**Exercise description:**
Return every entry in full, with no alterations.

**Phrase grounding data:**
┄┄┄┄┄┄

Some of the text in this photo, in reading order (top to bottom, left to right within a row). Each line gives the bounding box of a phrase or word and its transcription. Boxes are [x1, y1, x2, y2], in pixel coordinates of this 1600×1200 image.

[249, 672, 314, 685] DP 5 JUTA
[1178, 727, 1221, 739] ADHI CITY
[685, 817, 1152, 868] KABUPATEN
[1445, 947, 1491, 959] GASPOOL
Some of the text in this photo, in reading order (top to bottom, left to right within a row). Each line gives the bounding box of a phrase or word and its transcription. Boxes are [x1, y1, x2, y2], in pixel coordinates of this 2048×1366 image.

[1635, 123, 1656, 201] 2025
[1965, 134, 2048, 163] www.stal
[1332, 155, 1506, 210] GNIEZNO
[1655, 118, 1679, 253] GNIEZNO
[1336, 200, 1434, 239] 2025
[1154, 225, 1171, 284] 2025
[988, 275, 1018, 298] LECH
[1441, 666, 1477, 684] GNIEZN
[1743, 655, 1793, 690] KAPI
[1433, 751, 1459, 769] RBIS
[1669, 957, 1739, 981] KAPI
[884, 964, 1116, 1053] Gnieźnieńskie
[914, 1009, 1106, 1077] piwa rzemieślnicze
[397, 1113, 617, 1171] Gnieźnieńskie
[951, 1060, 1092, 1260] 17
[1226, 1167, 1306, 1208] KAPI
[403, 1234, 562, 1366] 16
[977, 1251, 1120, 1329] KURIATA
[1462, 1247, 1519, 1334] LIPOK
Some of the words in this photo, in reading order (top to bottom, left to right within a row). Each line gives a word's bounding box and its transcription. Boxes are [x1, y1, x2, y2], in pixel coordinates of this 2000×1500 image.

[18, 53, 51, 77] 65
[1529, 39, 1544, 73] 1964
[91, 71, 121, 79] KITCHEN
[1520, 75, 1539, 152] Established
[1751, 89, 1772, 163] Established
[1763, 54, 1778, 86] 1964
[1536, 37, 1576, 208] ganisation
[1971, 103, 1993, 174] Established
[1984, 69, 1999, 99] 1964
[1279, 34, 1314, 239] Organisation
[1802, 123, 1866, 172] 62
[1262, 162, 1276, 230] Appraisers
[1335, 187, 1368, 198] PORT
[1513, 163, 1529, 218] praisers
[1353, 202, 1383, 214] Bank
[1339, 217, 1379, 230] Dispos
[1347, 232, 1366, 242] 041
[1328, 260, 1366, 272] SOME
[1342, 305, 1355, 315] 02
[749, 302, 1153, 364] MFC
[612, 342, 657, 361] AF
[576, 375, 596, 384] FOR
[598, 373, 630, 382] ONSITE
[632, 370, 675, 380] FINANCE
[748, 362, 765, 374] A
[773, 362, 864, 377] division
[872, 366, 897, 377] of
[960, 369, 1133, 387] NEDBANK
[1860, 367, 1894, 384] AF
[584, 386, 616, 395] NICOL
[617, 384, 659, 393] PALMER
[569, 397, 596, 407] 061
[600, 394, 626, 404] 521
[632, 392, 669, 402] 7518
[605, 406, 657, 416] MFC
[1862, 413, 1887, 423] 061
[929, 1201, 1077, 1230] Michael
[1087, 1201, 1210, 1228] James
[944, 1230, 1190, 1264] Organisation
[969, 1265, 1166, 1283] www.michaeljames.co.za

┄┄┄┄┄┄

**Task result:**
Some of the text in this photo, in reading order (top to bottom, left to right within a row). Each line gives the bounding box of a phrase or word and its transcription. Boxes are [x1, y1, x2, y2], in pixel coordinates of this 1600×1200 image.

[249, 672, 314, 685] DP 5 JUTA
[1178, 727, 1221, 739] ADHI CITY
[685, 817, 1152, 868] KABUPATEN
[1445, 947, 1491, 959] GASPOOL
Some of the text in this photo, in reading order (top to bottom, left to right within a row). Each line gives the bounding box of a phrase or word and its transcription. Boxes are [x1, y1, x2, y2], in pixel coordinates of this 2048×1366 image.

[1635, 123, 1656, 201] 2025
[1965, 134, 2048, 163] www.stal
[1332, 155, 1506, 210] GNIEZNO
[1655, 118, 1679, 253] GNIEZNO
[1336, 200, 1434, 239] 2025
[1154, 225, 1171, 284] 2025
[988, 275, 1018, 298] LECH
[1441, 666, 1477, 684] GNIEZN
[1743, 655, 1793, 690] KAPI
[1433, 751, 1459, 769] RBIS
[1669, 957, 1739, 981] KAPI
[884, 964, 1116, 1053] Gnieźnieńskie
[914, 1009, 1106, 1077] piwa rzemieślnicze
[397, 1113, 617, 1171] Gnieźnieńskie
[951, 1060, 1092, 1260] 17
[1226, 1167, 1306, 1208] KAPI
[403, 1234, 562, 1366] 16
[977, 1251, 1120, 1329] KURIATA
[1462, 1247, 1519, 1334] LIPOK
Some of the words in this photo, in reading order (top to bottom, left to right within a row). Each line gives a word's bounding box and its transcription. Boxes are [x1, y1, x2, y2], in pixel coordinates of this 2000×1500 image.

[18, 53, 51, 77] 65
[1529, 39, 1544, 73] 1964
[91, 71, 121, 79] KITCHEN
[1520, 75, 1539, 152] Established
[1751, 89, 1772, 163] Established
[1763, 54, 1778, 86] 1964
[1536, 37, 1576, 208] ganisation
[1971, 103, 1993, 174] Established
[1984, 69, 1999, 99] 1964
[1279, 34, 1314, 239] Organisation
[1802, 123, 1866, 172] 62
[1262, 162, 1276, 230] Appraisers
[1335, 187, 1368, 198] PORT
[1513, 163, 1529, 218] praisers
[1353, 202, 1383, 214] Bank
[1339, 217, 1379, 230] Dispos
[1347, 232, 1366, 242] 041
[1328, 260, 1366, 272] SOME
[1342, 305, 1355, 315] 02
[749, 302, 1153, 364] MFC
[612, 342, 657, 361] AF
[576, 375, 596, 384] FOR
[598, 373, 630, 382] ONSITE
[632, 370, 675, 380] FINANCE
[748, 362, 765, 374] A
[773, 362, 864, 377] division
[872, 366, 897, 377] of
[960, 369, 1133, 387] NEDBANK
[1860, 367, 1894, 384] AF
[584, 386, 616, 395] NICOL
[617, 384, 659, 393] PALMER
[569, 397, 596, 407] 061
[600, 394, 626, 404] 521
[632, 392, 669, 402] 7518
[605, 406, 657, 416] MFC
[1862, 413, 1887, 423] 061
[929, 1201, 1077, 1230] Michael
[1087, 1201, 1210, 1228] James
[944, 1230, 1190, 1264] Organisation
[969, 1265, 1166, 1283] www.michaeljames.co.za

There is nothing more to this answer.